FIG. 11 is an illustration of the shuttle actuator for alternately interrupting and permitting the flow of ice, for shutting off or permitting the driving operation of the auger, shown in fragmentary perspective view.

FIG. 12 is an enlarged detail view of a portion of the apparatus illustrated in FIG. 11, shown as detail XII of FIG. 11, with the illustration of FIG. 12 being in the ice delivery or “running” mode.

FIG. 13 is an illustration similar to that of FIG. 12, with ice deliver being in an “off” mode, and with the apparatus of FIG. 12 being partially broken away to illustrate an internal spring, which normally biases the apparatus in a “running” mode, but wherein ice build-up in the ice retaining means has caused the ice delivery to be in an “off” mode.

Referring now to the drawings in detail, there is shown an ice making apparatus in accordance with this invention, in a preferred embodiment. The illustrative apparatus is shown generally as comprising an auger-type ice generating apparatus of the rotatable auger type, having an auger 11 therein for scraping ice formed on an interior wall 12 thereof, as the auger 11 is driven by a motor means 13. Water is delivered from a water source 14 to the apparatus 10, via a water delivery line 15.

A refrigeration apparatus is comprised of a jacket 16 surrounding the cylindrical sleeve-like member 17 to which water is delivered via line 15, with the jacket 16 being supplied by refrigerant delivered via line 18 after passing through an expansion valve 20, being delivered thereto via line 21 from a condenser 22 that, in turn, is supplied from a compressor 23 to refrigerant line 24, with the compressor 23 receiving the refrigerant upon its return from the jacket 16, via line 25. The compressor means, condenser means, evaporator and expansion valve that comprise the refrigeration means can be as disclose in any of U.S. Pat. Nos. 3,126,719; 3,371,505; or 6,134,908, the disclosures of all of which are herein incorporated by reference.

Thus, ice that is scraped off wall(s) 12 is delivered from the chamber provided by the sleeve 17, to ice delivery lines 26, 27, in at least one longitudinal rod of compressed flaked or chipped ice, through connection nuts 28, 30 on opposite sides of fragmentarily illustrated wall 31, to an ice transport tube 32. The transport tube 32 is shown broken to illustrate its adaptability for the ice retaining means or ice bin 33, to which it supplies ice to be remotely located at a considerable distance within a facility, from the placement of the ice making apparatus 10, of compressor means 23, condenser 22, expansion valve 20 and water source 14. Thus, it will be understood that while the transport tube or ice delivery means 32 is shown proximate to the ice making apparatus 10 in FIG. 1, its placement will in most cases be remote from the ice making apparatus 10.

The transport tube 32 thus delivers ice through a delivery interrupting means 34, to a transport tube 35, and then to an ice breakup means 36 located proximate to the ice retaining means or ice storage bin 33.

The storage bin 33 may have a front opening 37, shown in phantom as pivoting outwardly for accessing ice from the bin 33, if desired, and/or may have an openable lid 38, as shown.

A control line 40, actuated by a sensor (later to be described) attached to the interrupting means 34, controls the operation of the motor means 13 for driving the auger 11, which in turn, drives ice via the tubes 26, 27, 32, 35 when permitted by the device 34. The interrupting means 36, when it allows for ice flow into the interior of the bin 33, does so through the inlet 41 to the bin 33, as shown.

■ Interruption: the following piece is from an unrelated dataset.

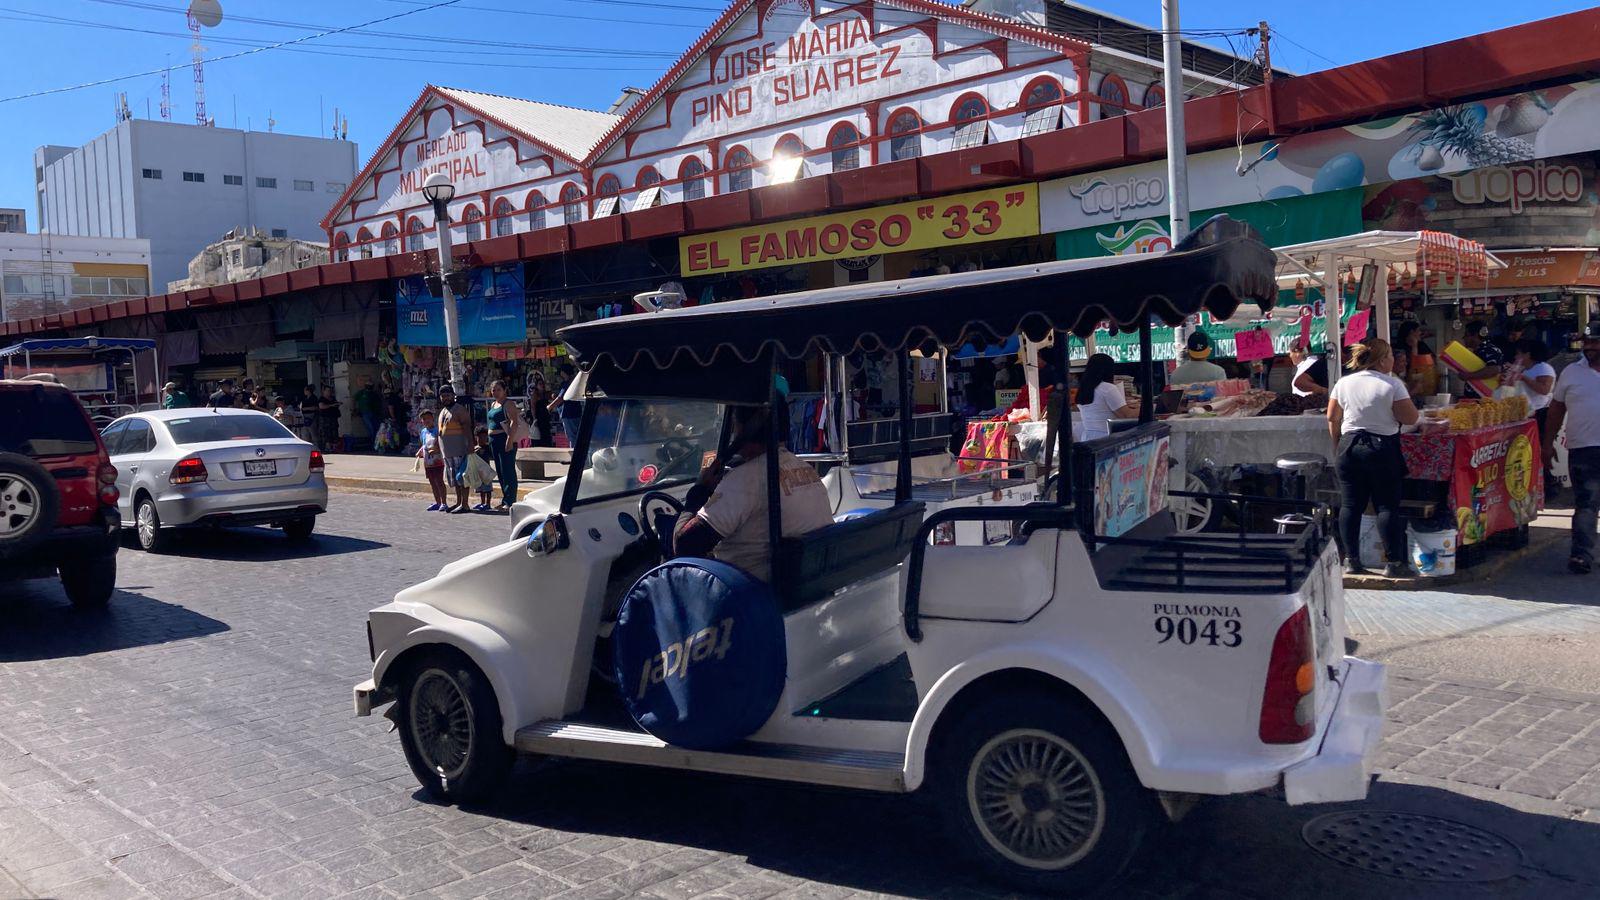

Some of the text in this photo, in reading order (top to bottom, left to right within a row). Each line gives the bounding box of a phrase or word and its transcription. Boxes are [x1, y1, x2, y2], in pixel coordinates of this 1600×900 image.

Thus, ice that is delivered via tubes 27, 32, 35 may be in one or more longitudinal rods of compressed flaked or chipped ice, depending upon the number of bends through which the ice rods may pass from the auger apparatus 10 to the bin 33, in that the bends may provide some breaks in the rod or rods of ice.

It will also be understood that, in its preferred embodiment the cross-section of the tubes 26, 27, 32 and 35 will be cylindrical in nature, and consequently ice delivered therethrough will be in the form of cylindrical configuration(s), in the alternative, the cross-section of the transport tubes could be rectangular, triangular or of any other desired cross-section, as may be desired.

A bucket or other container 42 may, from time to time be placed inside the bin 33 during cleaning and sanitizing of the transport tubes, for collection of conformable articles that are used to clean and sanitize the tubes and collection of ice that pushes the conformable articles through the tubes, as will be described hereinafter.

With reference now to FIG. 2, the transport tube portions 27 and 32 are shown as being in screw-threaded connection together, through a support wall 31, in that connectors 28 and 30 may be screwed tightly when the transport tubes are to be connected together, and may be unscrewed when it is desired to make an opening in the transport tube 27.

With reference now to FIG. 3, it will be seen that, for purposes of scraping debris from wall(s) of the transport tubes 27, 32 and 35, a dry conformable article 43 may be placed into the interior 44 of the tube 27, in the direction of the arrow 45 shown in FIG. 3, followed by wet conformable article 46 being placed through opening in the tube 44, after having been soaked in a sanitizing solution present in container 47. The sanitizing solution may be of a type that is designed to kill organisms, such as, but not limited to mold, algae and bacteria. The cleaning process also facilitates the removal of debris, mineral deposits and the like.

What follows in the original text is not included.